Sarà una notte di confronti, valutazioni e riflessioni quella che potrebbe finalmente imprimere una direzione al futuro dello Spezia. A un mese dalla dolorosa retrocessione in Serie C, arrivata a chiudere un ciclo durato quattordici anni tra professionismo di alto livello, Serie B e Serie A, il club bianco è chiamato a compiere la prima vera scelta della propria ripartenza: individuare il nuovo responsabile dell’area tecnica, la figura destinata a guidare la costruzione della squadra e dell’intero progetto sportivo per la stagione 2026-2027.

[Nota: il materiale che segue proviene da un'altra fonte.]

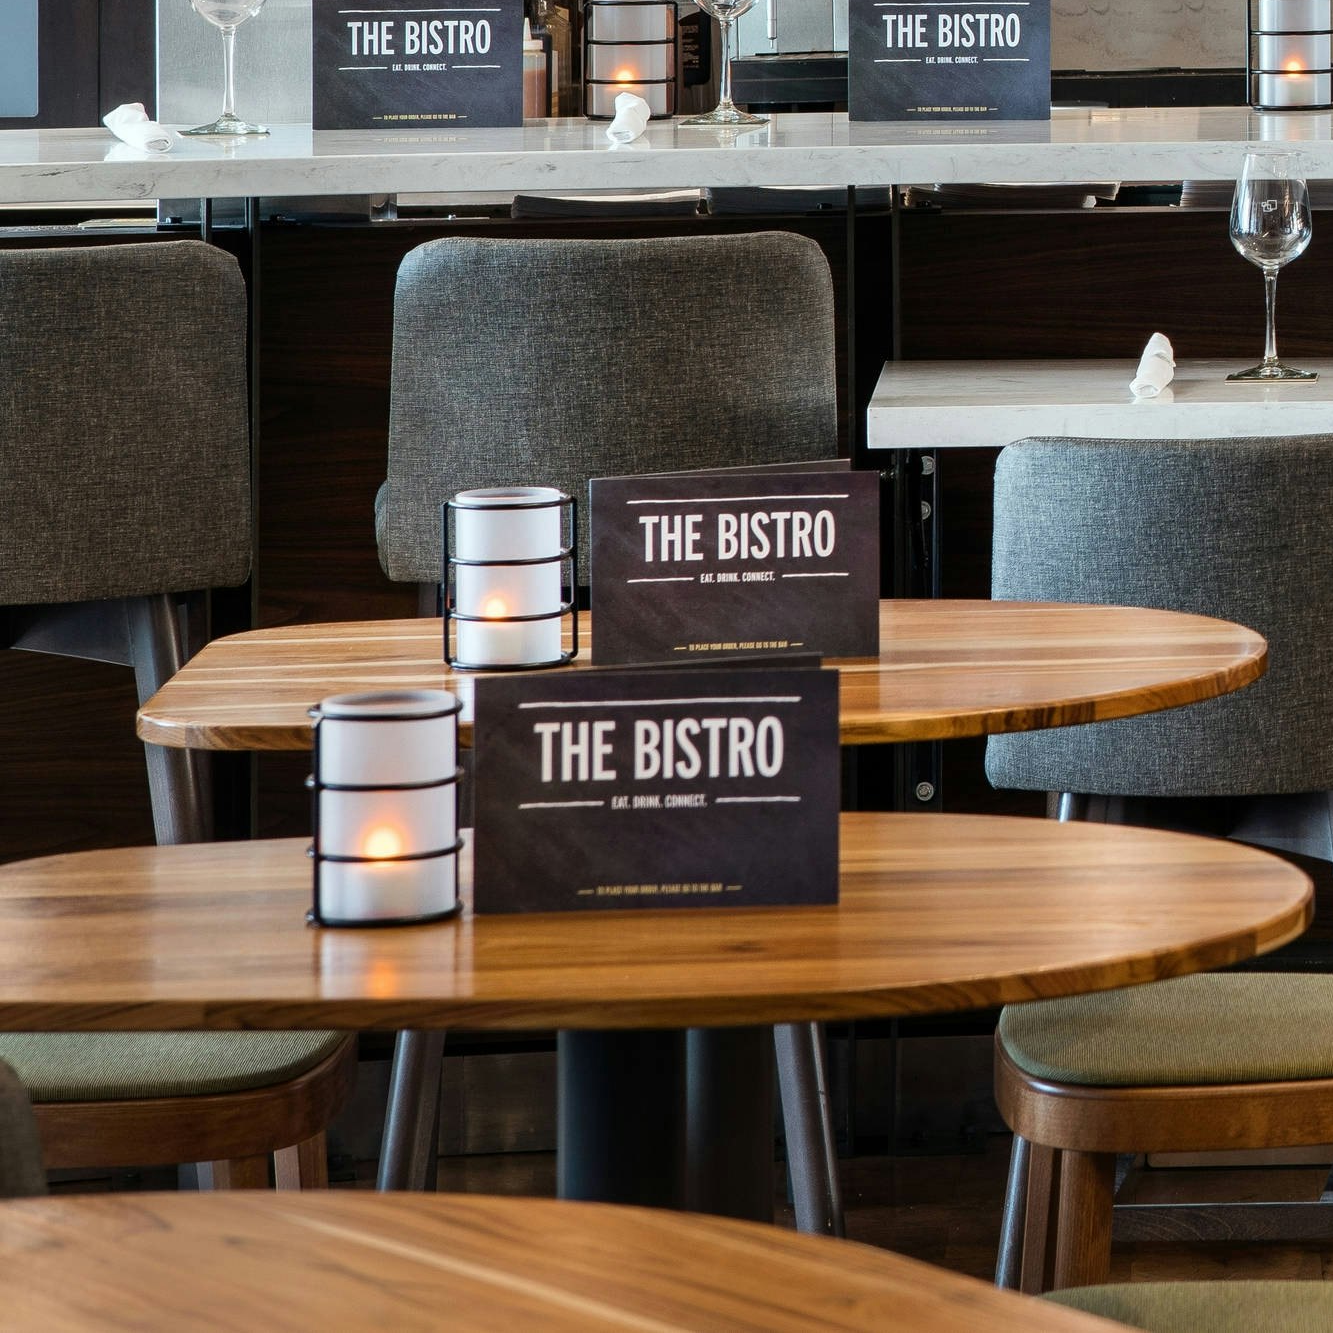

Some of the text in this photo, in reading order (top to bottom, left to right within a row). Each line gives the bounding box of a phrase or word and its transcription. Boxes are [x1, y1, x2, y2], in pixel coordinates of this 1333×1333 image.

Anche per effetto del fuso orario con gli Stati Uniti, nelle ultime ore la sede americana di via Melara è tornata al centro dell’attenzione. Dal pomeriggio italiano, infatti, sono entrati nel vivo i colloqui decisivi tra la proprietà e i candidati individuati per il ruolo di direttore sportivo, un passaggio considerato fondamentale per dare forma a un percorso che, fino ad oggi, è rimasto in una fase di studio e analisi. Tra i protagonisti della lunga giornata c’è stato Matteo Lovisa, giovane e apprezzato direttore sportivo della Juve Stabia, già incontrato da Charlie Stillitano circa dieci giorni fa a Milano in quello che era stato il primo contatto diretto tra le parti.
Un confronto approfondito e articolato, quello tra il dirigente friulano e il presidente dello Spezia, protrattosi per diverse ore e caratterizzato da una serie di ragionamenti sul presente e soprattutto sul futuro del club. Al termine dell’incontro non è arrivata una fumata bianca definitiva, ma nemmeno una chiusura del dialogo. Le parti hanno continuato a confrontarsi e una decisione potrebbe maturare nelle prossime ore, probabilmente nel cuore della notte italiana, quando sulla costa orientale degli Stati Uniti la giornata entrerà nella sua fase conclusiva.
Lo Spezia, intanto, continua a muoversi verso quella che rappresenta la scelta più importante di questo primo scorcio d’estate. La nomina del nuovo direttore sportivo costituirà infatti il punto di partenza per la ricostruzione tecnica e organizzativa del club, chiamato a rialzarsi dopo la retrocessione e a progettare il ritorno tra i cadetti. Giugno è ormai entrato nella sua seconda settimana e il tempo delle analisi sta gradualmente lasciando spazio a quello delle decisioni, seppur con un ritardo rispetto alla prevista tabella di marcia del club.